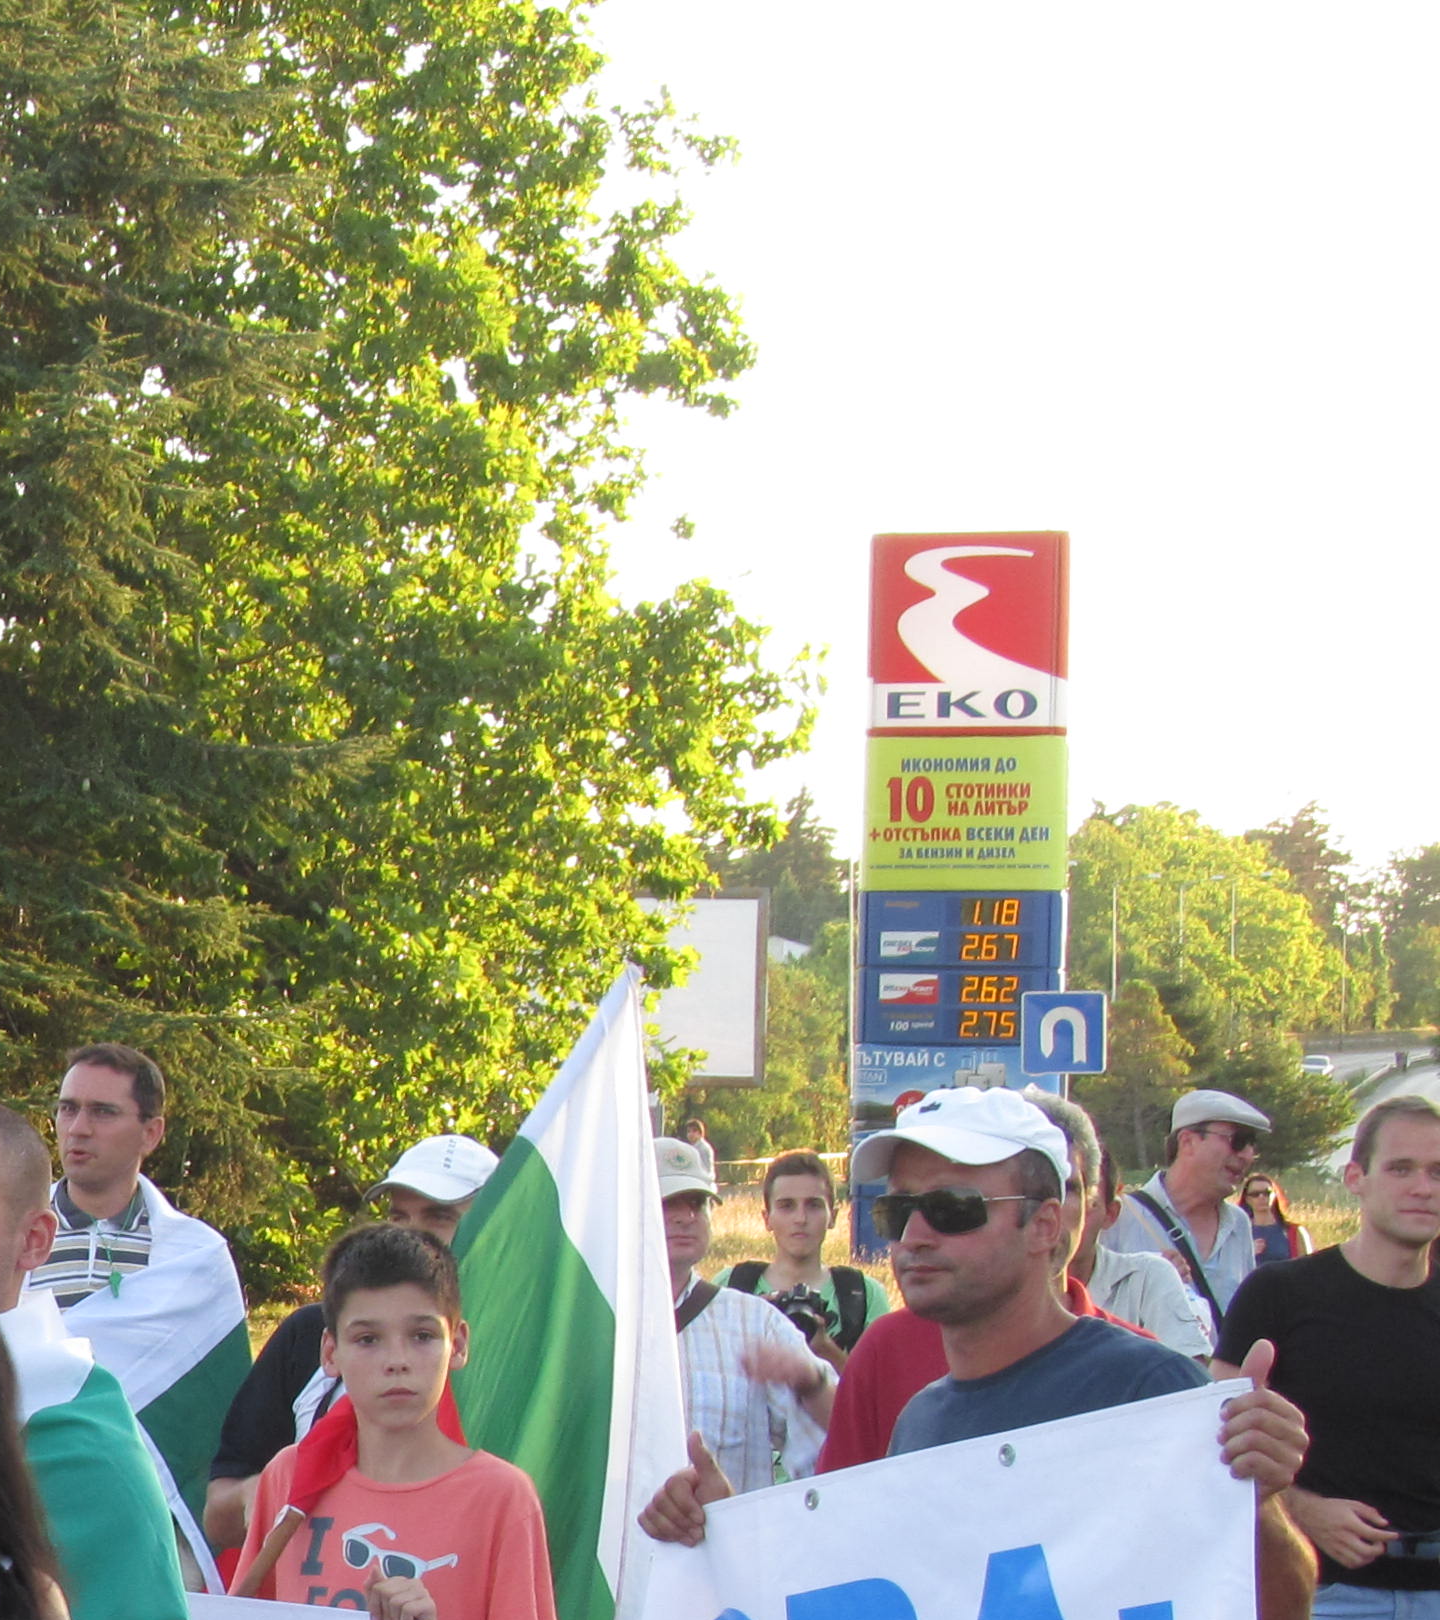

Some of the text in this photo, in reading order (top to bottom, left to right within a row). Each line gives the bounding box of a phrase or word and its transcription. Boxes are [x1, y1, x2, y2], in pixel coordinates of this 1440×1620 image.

[886, 689, 1038, 720] EKO
[901, 757, 1017, 774] ИКОНОМИЯ ДО
[886, 775, 936, 824] 10
[945, 783, 1031, 799] СТОТИНКИ
[947, 800, 1029, 816] НА ЛИТЪР
[966, 826, 1015, 842] ВСЕКИ
[1018, 826, 1050, 843] ДЕН
[899, 847, 914, 859] ЗА
[916, 847, 963, 859] БЕНЗИН
[977, 847, 1016, 860] ДИЗЕЛ
[972, 899, 1020, 926] 1.18
[960, 933, 1019, 961] 2.67
[960, 976, 1018, 1003] 2.62
[959, 1011, 1016, 1038] 2.75
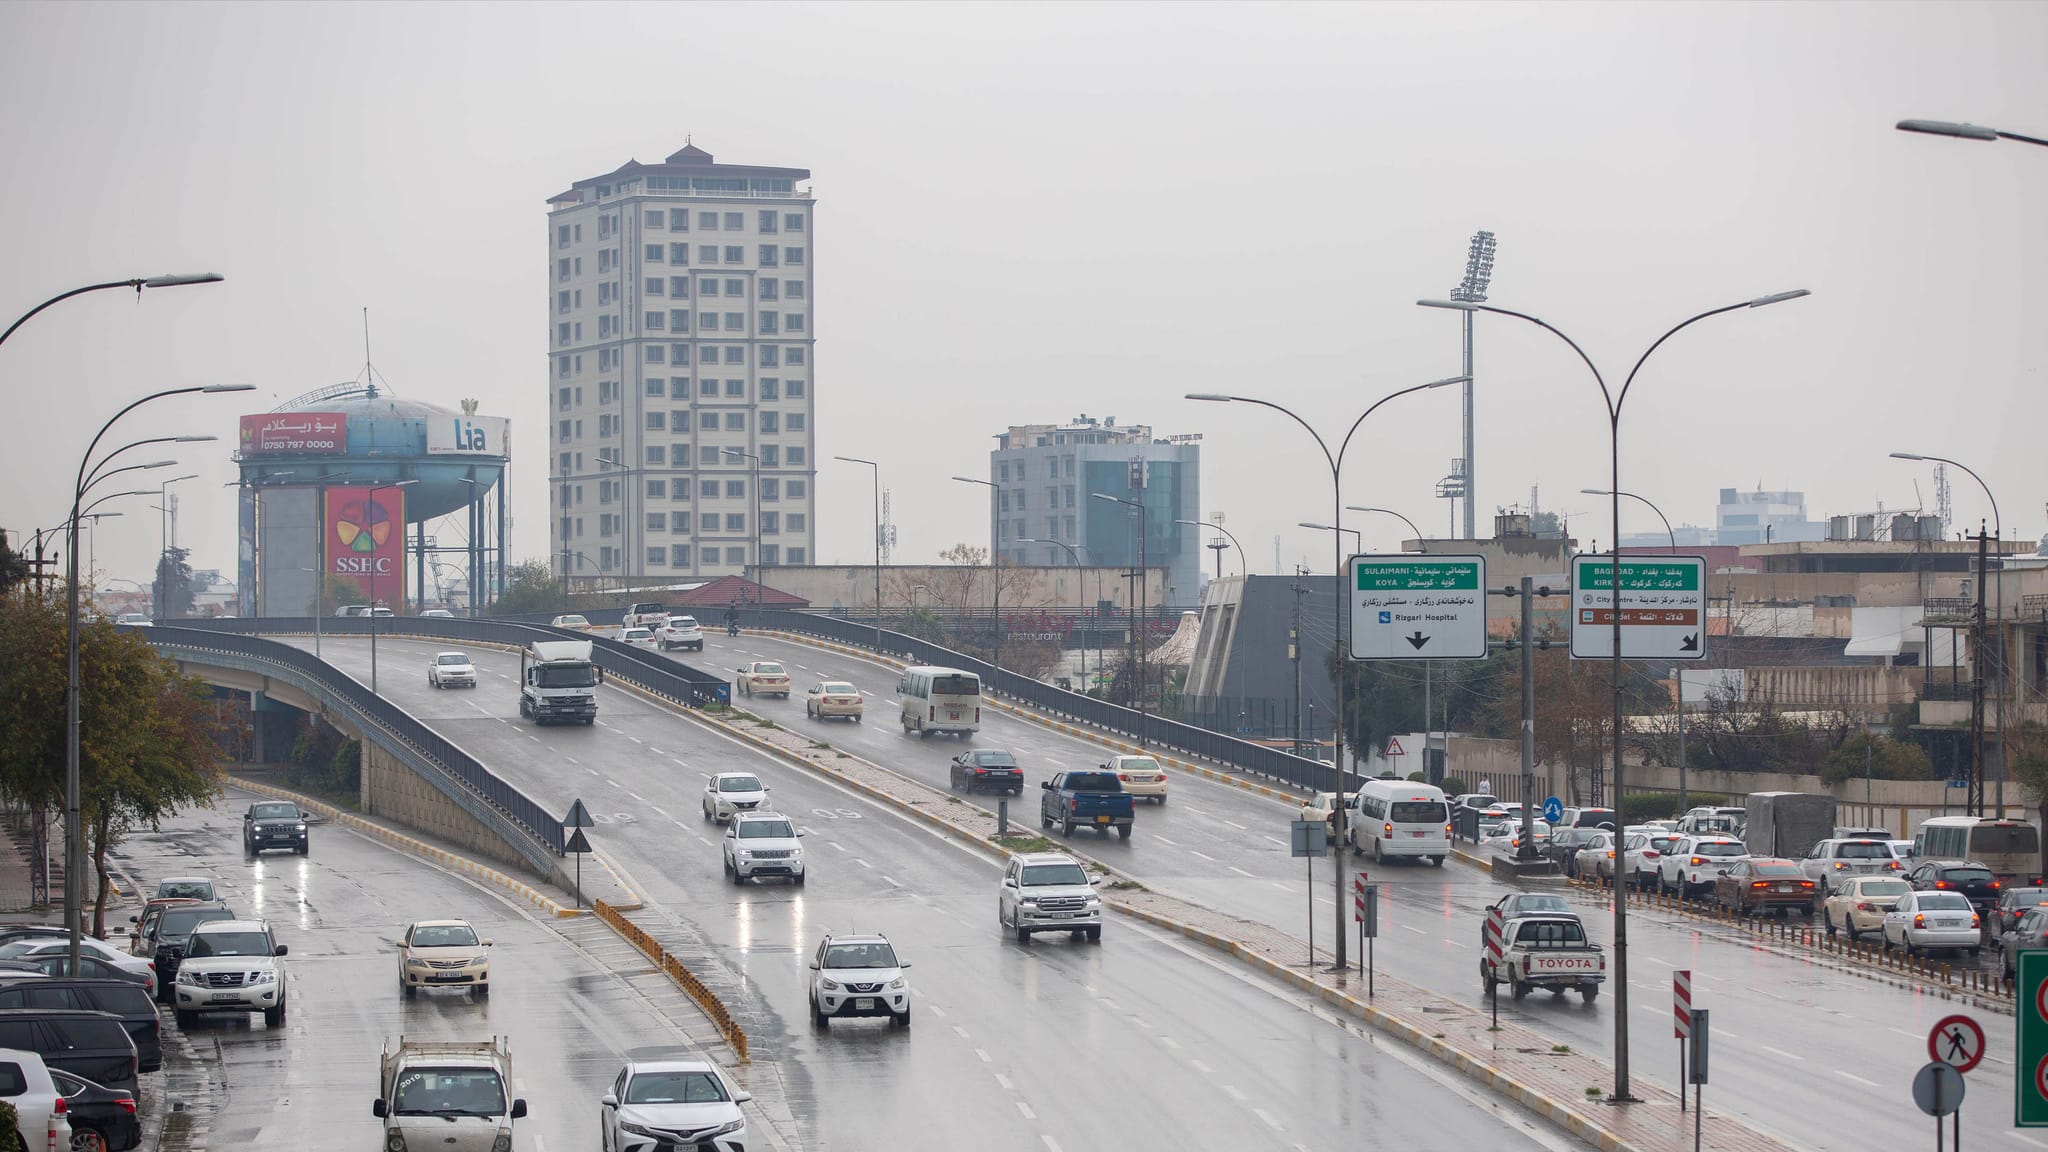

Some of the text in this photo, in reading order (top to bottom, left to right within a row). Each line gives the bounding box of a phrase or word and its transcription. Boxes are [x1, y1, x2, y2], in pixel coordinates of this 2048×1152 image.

[454, 418, 486, 451] Lia
[264, 441, 285, 450] 0750
[306, 440, 335, 449] 0000
[336, 557, 391, 573] SSHC
[1364, 567, 1410, 575] SULAIMANI
[1375, 579, 1398, 587] KOYA
[1596, 596, 1611, 604] City
[1395, 614, 1458, 623] Rizgari Hospital
[1538, 959, 1592, 968] TOYOTA
[400, 1073, 421, 1088] 2010
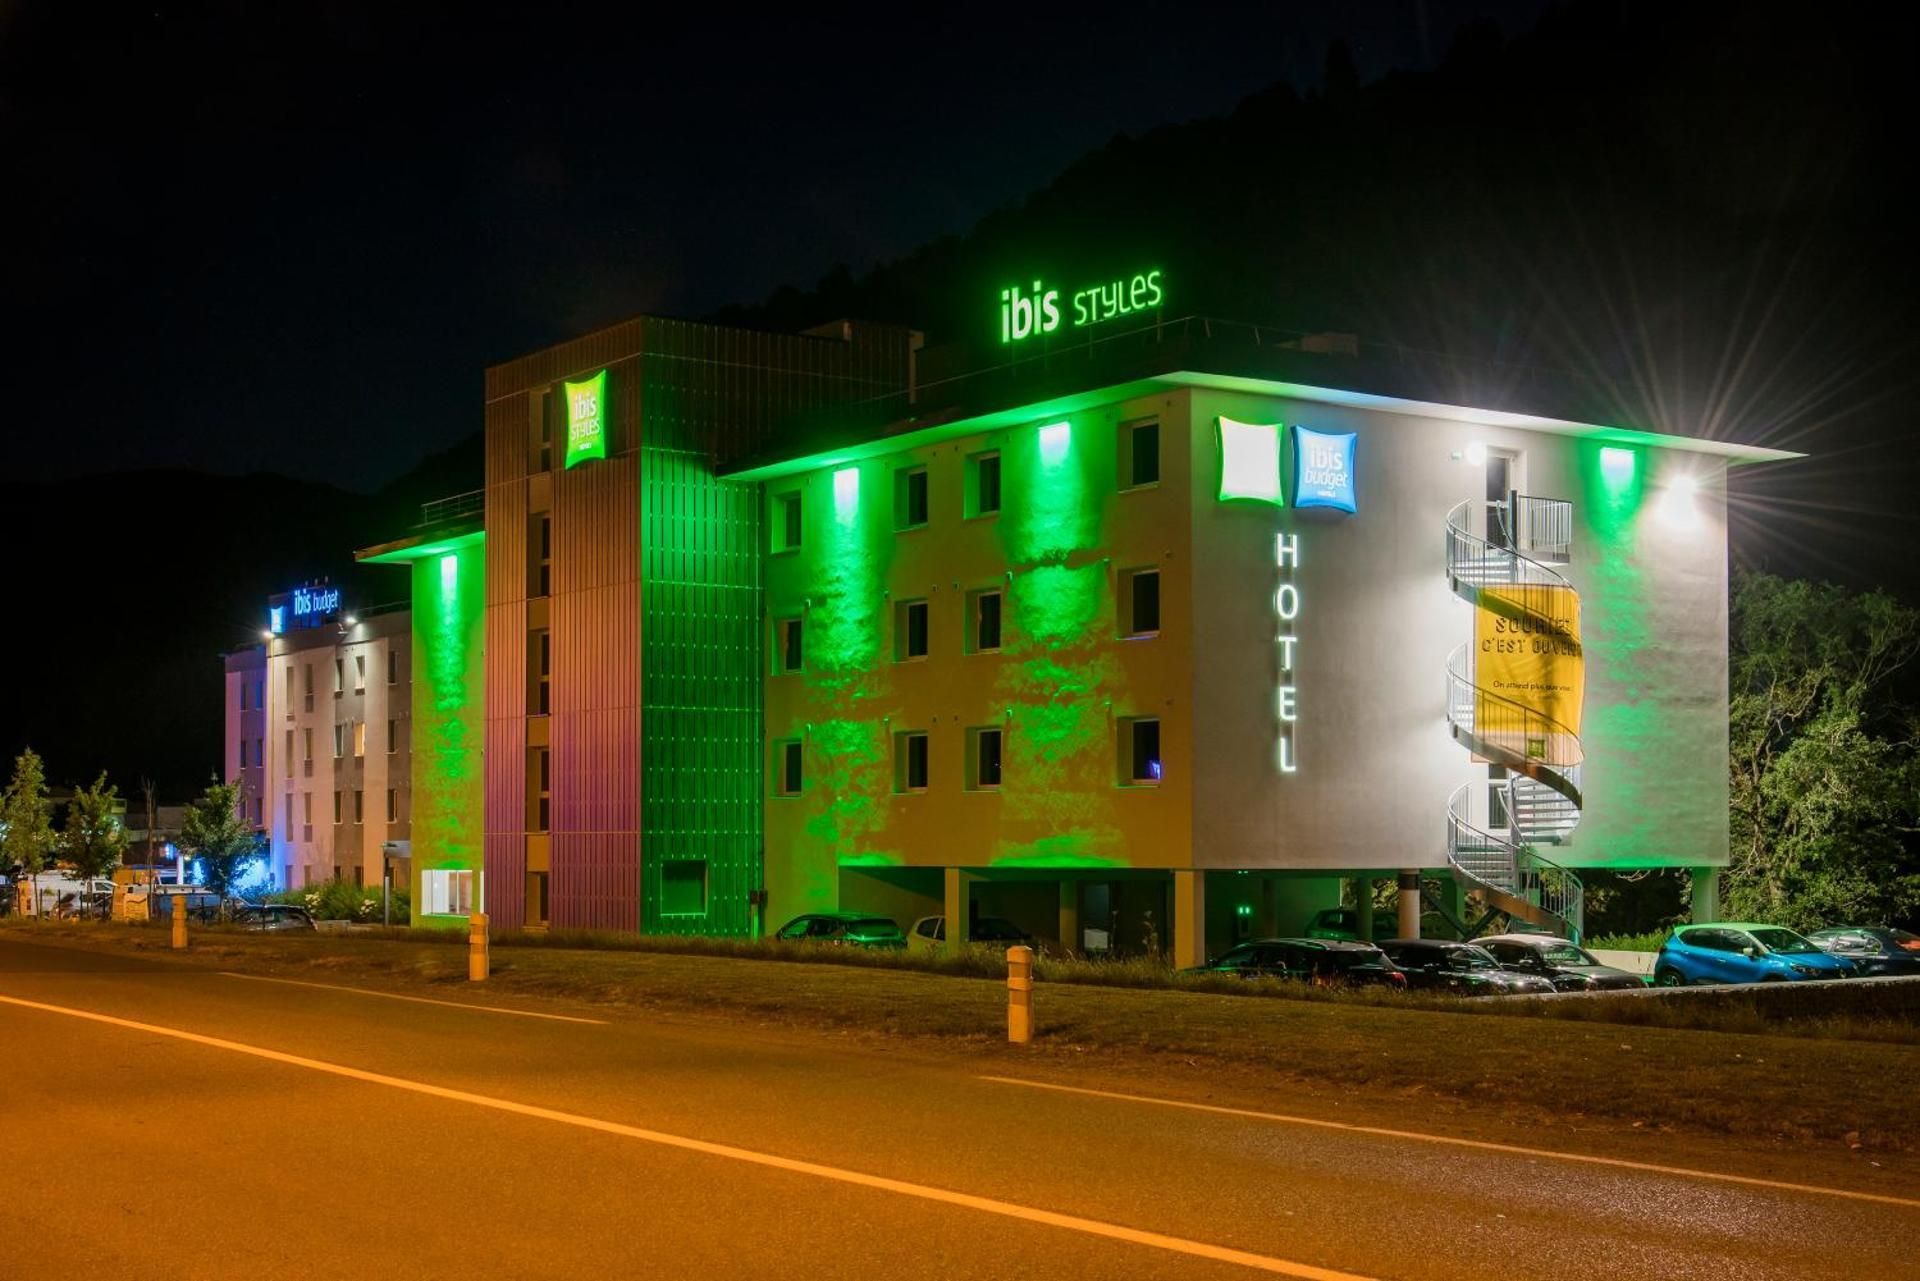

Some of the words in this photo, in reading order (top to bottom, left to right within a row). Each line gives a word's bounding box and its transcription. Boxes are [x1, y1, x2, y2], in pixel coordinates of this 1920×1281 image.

What is needed: Word for word, repeat the lines of data above, omitting every picture.

Answer to the exercise:
Some of the text in this photo, in reading order (top to bottom, left to right within a row). Each line gives the bounding box of a phrase or word and its transcription. Boxes are [x1, y1, x2, y2], in pixel coordinates of this 1440×1620 image.

[886, 689, 1038, 720] EKO
[901, 757, 1017, 774] ИКОНОМИЯ ДО
[886, 775, 936, 824] 10
[945, 783, 1031, 799] СТОТИНКИ
[947, 800, 1029, 816] НА ЛИТЪР
[966, 826, 1015, 842] ВСЕКИ
[1018, 826, 1050, 843] ДЕН
[899, 847, 914, 859] ЗА
[916, 847, 963, 859] БЕНЗИН
[977, 847, 1016, 860] ДИЗЕЛ
[972, 899, 1020, 926] 1.18
[960, 933, 1019, 961] 2.67
[960, 976, 1018, 1003] 2.62
[959, 1011, 1016, 1038] 2.75

Some of the text in this photo, in reading order (top to bottom, left to right within a row). Each line gives the bounding box of a phrase or word and its transcription. Boxes are [x1, y1, x2, y2], in pixel coordinates of this 2048×1152 image.

[454, 418, 486, 451] Lia
[264, 441, 285, 450] 0750
[306, 440, 335, 449] 0000
[336, 557, 391, 573] SSHC
[1364, 567, 1410, 575] SULAIMANI
[1375, 579, 1398, 587] KOYA
[1596, 596, 1611, 604] City
[1395, 614, 1458, 623] Rizgari Hospital
[1538, 959, 1592, 968] TOYOTA
[400, 1073, 421, 1088] 2010

Some of the words in this photo, in reading order (top to bottom, left to right within a row). Each line gives a word's bounding box and its transcription. Boxes are [x1, y1, x2, y2], in pixel coordinates of this 1920×1281 image.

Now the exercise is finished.